Lillo Tombolini, direttore La7 e Giovanni Stella, Vicepresidente Esecutivo Telecom Italia Media
Ieri si è tenuta in una sala conferenze del prestigioso hotel Principe di Savoia di Milano la presentazione dei palinsesti autunnali de La 7, l’emittente che fa capo al gruppo di Telecom Italia Media e che, contrariamente a quanto si era letto e scritto nei giorni scorsi, si presenta con un palinsesto, compatibilmente con i propri budget, agguerrito e ricco atto a generare soprattutto redditività.

Giovanni Stella, vicepresidente esecutivo di Telecom Italia Media ci tiene a sottolineare che non bisogna decretare il de profundis della rete e che si sta lavorando per portare i conti economici a livelli accettabili rivedendo costi ma investendo sul prodotto e sulle idee. “Lillo Tombolini e gli altri responsabili stanno facendo un buon lavoro e questo lavoro” - afferma il massimo dirigente di Telecom Italia Media - “Sarà più evidente quando nel 2009 il tasso di innovazione sarà più profondo. Dobbiamo come sapete rispettare dei contratti in essere pertanto alcuni prodotti che noi giudichiamo ancora ad alto budget in autunno ci saranno ancora; stiamo lavorando per mantenerli anche da gennaio in avanti rivisitando i costi“.

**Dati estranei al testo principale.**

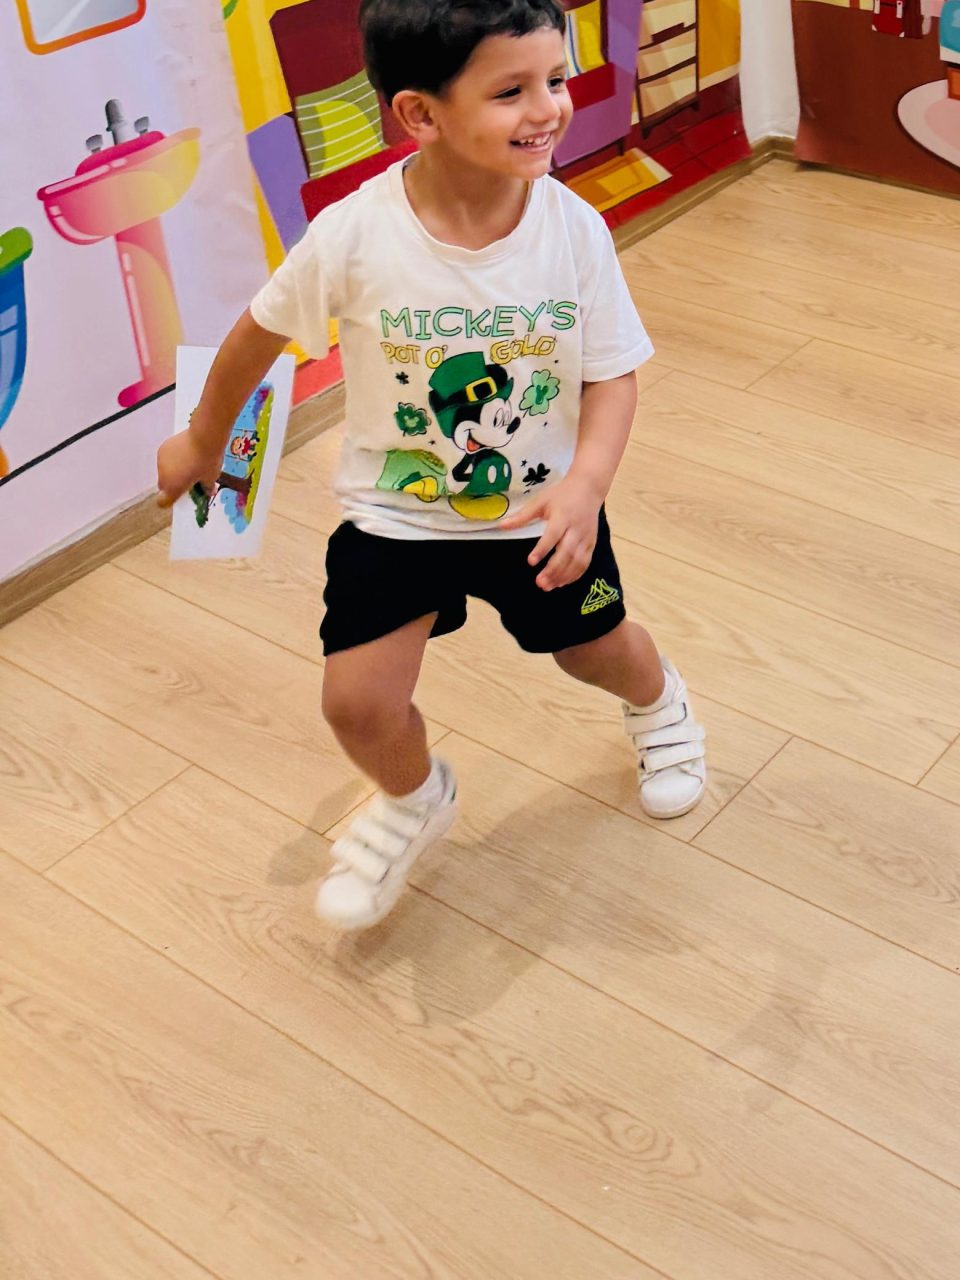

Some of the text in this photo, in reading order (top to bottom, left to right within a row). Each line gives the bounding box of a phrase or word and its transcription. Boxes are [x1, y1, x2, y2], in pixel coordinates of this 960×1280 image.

[380, 299, 578, 340] MICKEY'S
[380, 341, 421, 365] POT
[490, 334, 557, 366] GOLD
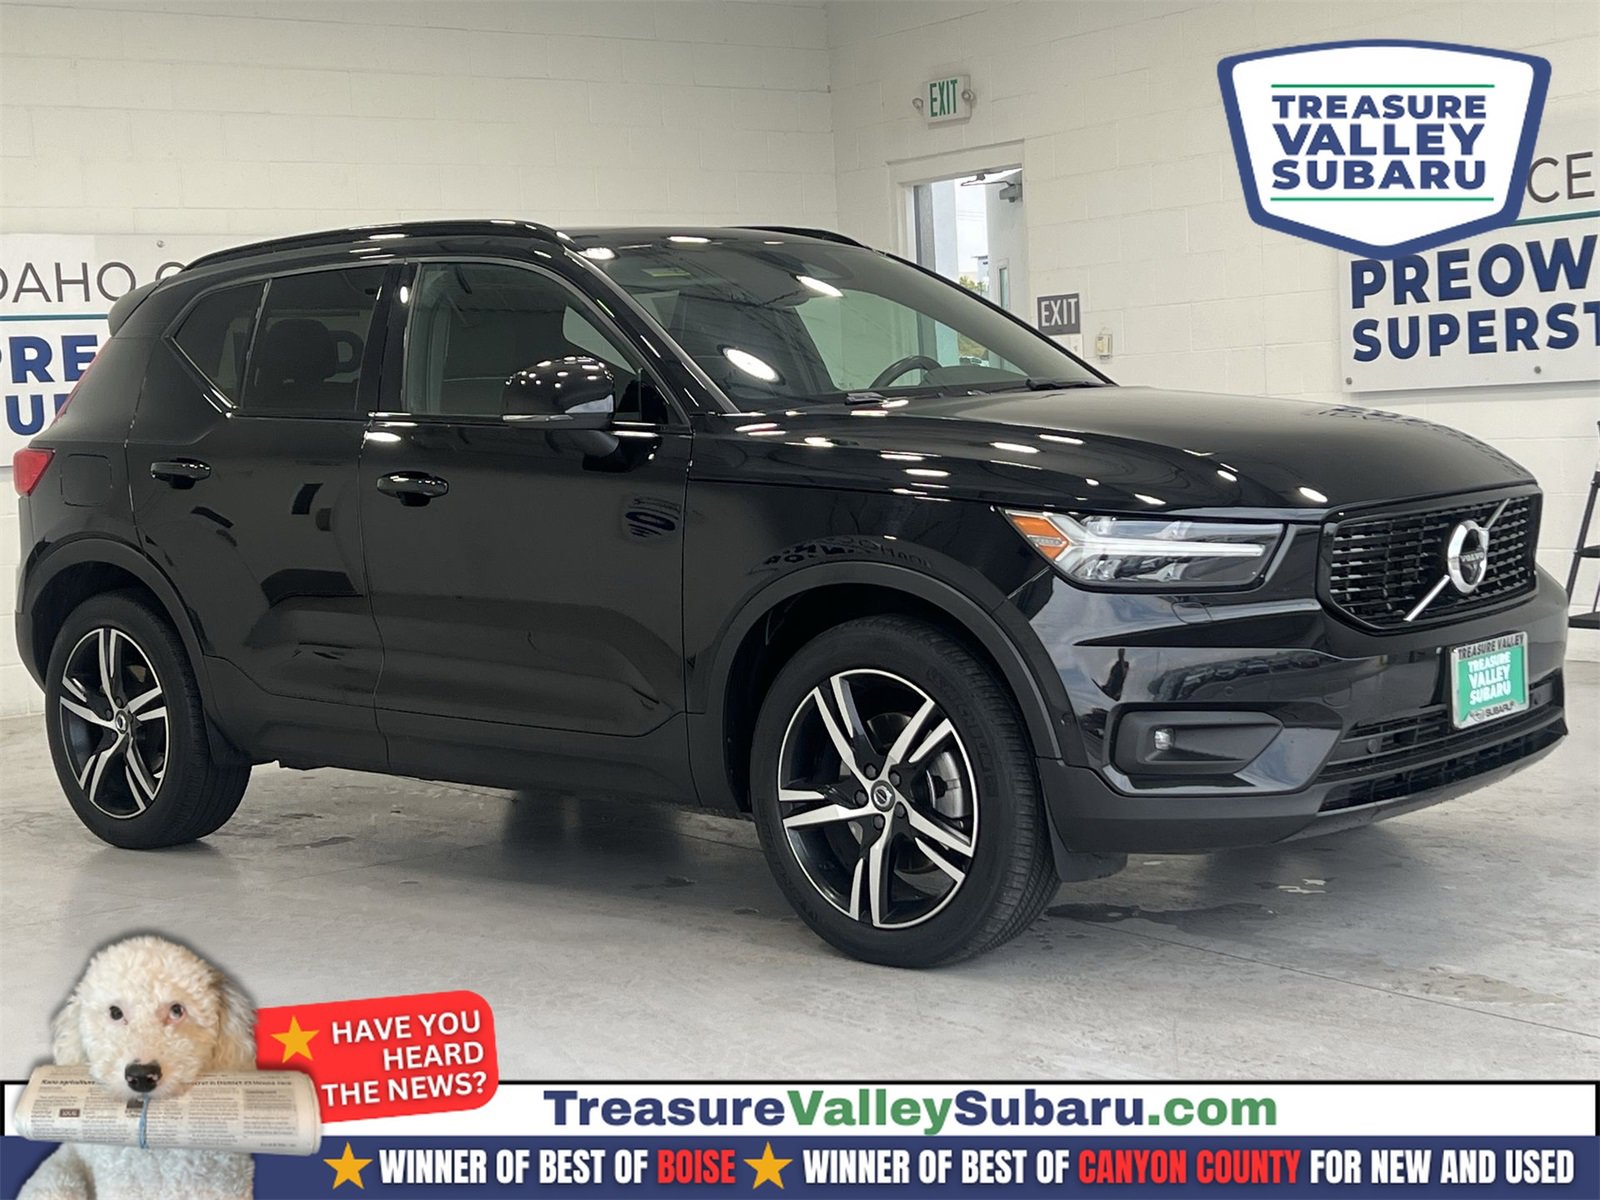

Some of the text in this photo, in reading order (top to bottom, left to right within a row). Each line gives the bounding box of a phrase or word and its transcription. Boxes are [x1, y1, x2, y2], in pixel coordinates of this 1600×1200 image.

[929, 79, 957, 117] EXIT
[1527, 151, 1595, 203] CE
[1351, 234, 1598, 309] PREOW
[1041, 298, 1079, 327] EXIT
[0, 335, 98, 383] RE
[1458, 633, 1525, 660] TREASURE VALLEY
[1468, 651, 1511, 673] TREASURE
[1468, 664, 1511, 689] VALLEY
[1469, 680, 1512, 705] SUBARU
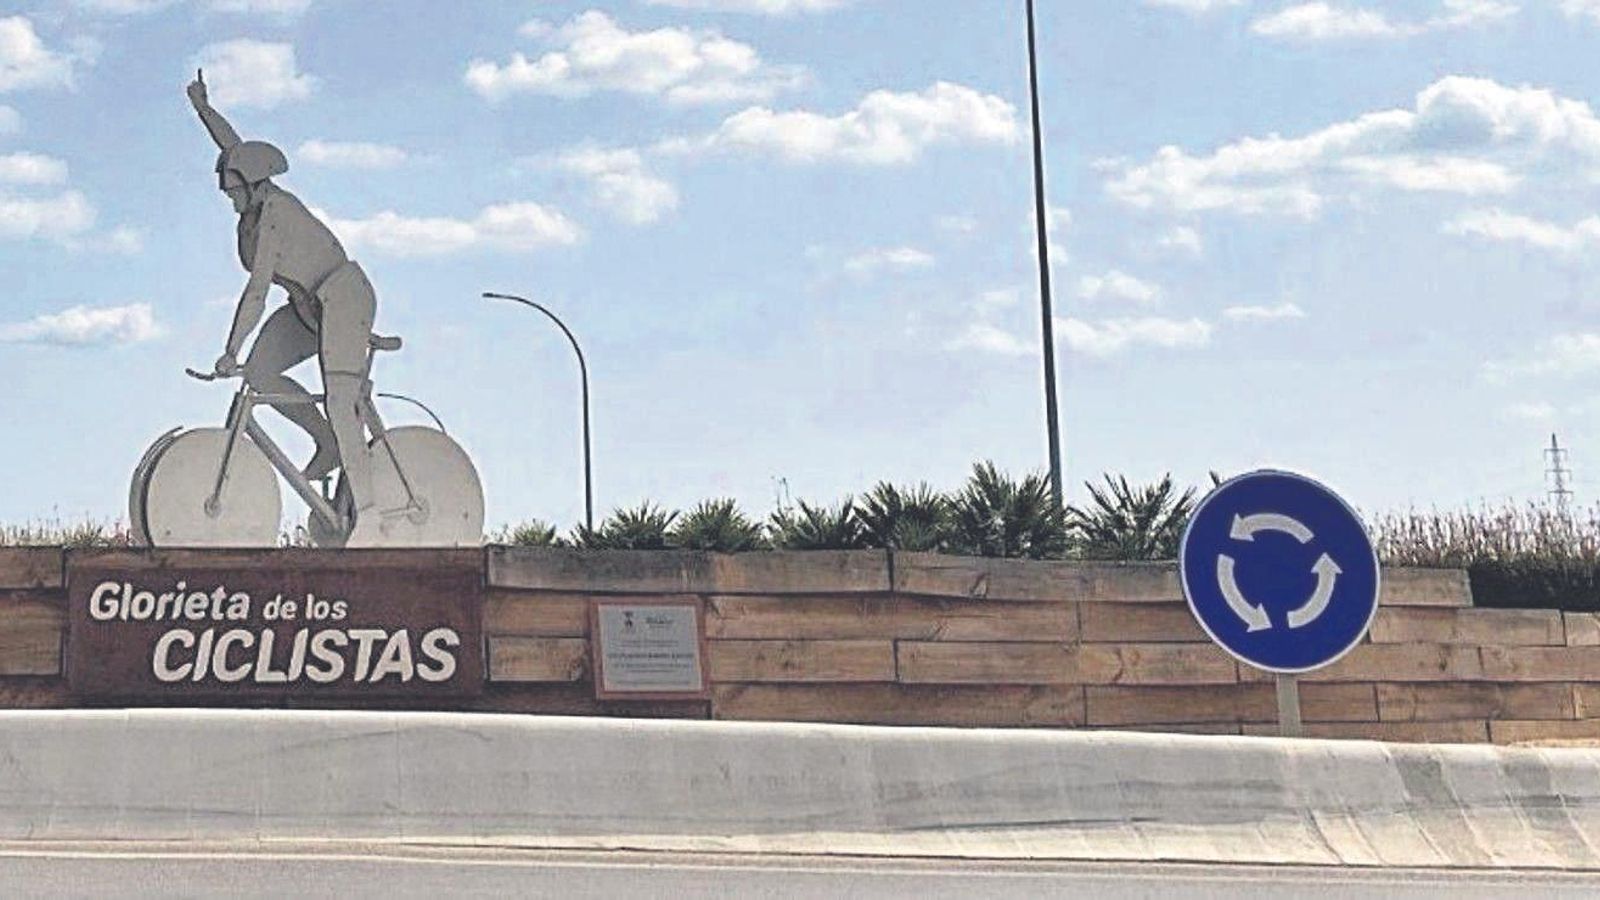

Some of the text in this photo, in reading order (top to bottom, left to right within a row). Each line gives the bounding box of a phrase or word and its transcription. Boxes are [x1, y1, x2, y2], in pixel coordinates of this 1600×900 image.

[89, 581, 349, 622] Glorieta de los
[152, 628, 461, 683] CICLISTAS

Lillo Tombolini, prima assistente di Antonio Campo Dall’Orto e ora promosso a direttore programmi, inizia parafrasando un modo di dire che era consono di Gianfranco Funari: “Jela fa“, riferendosi alla televisione che tutti davano ormai per spacciata dopo la dipartita di nomi importanti e la richiesta della proprietà di ridurre i costi visto il buco di bilancio cospicuo a cui era arrivata. Non c’è Piero Chiambretti, sempre più vicino a passare a Mediaset su Canale 5 e Italia 1, ma per tutto l’inverno almeno ci sarà ancora Daria Bignardi con Le Invasioni Barbariche e qualche chicca di palinsesto che, come le altre reti ammiraglie, inizierà alle 21:10 (ridotto quindi lo spazio di 8 1/2 per il quale si sta cercando un forte sostituto di Giuliano Ferrara). “La 7 è al terzo posto come unica televisione insieme alle due spagnole che nonostante la contrazione del mercato della generalista è aumentata rispetto allo scorso anno” - cita il direttore - “E a questo si aggiunge anche il buon risultato dell’ultimo semestre e il record di ascolti di giugno (3,3%) mai raggiunto da questa emittente. In autunno proprio per questo il bacino pubblicitario sarà portato al livello delle altre tv generaliste, compatibilmente con quanto ci consente la legge.”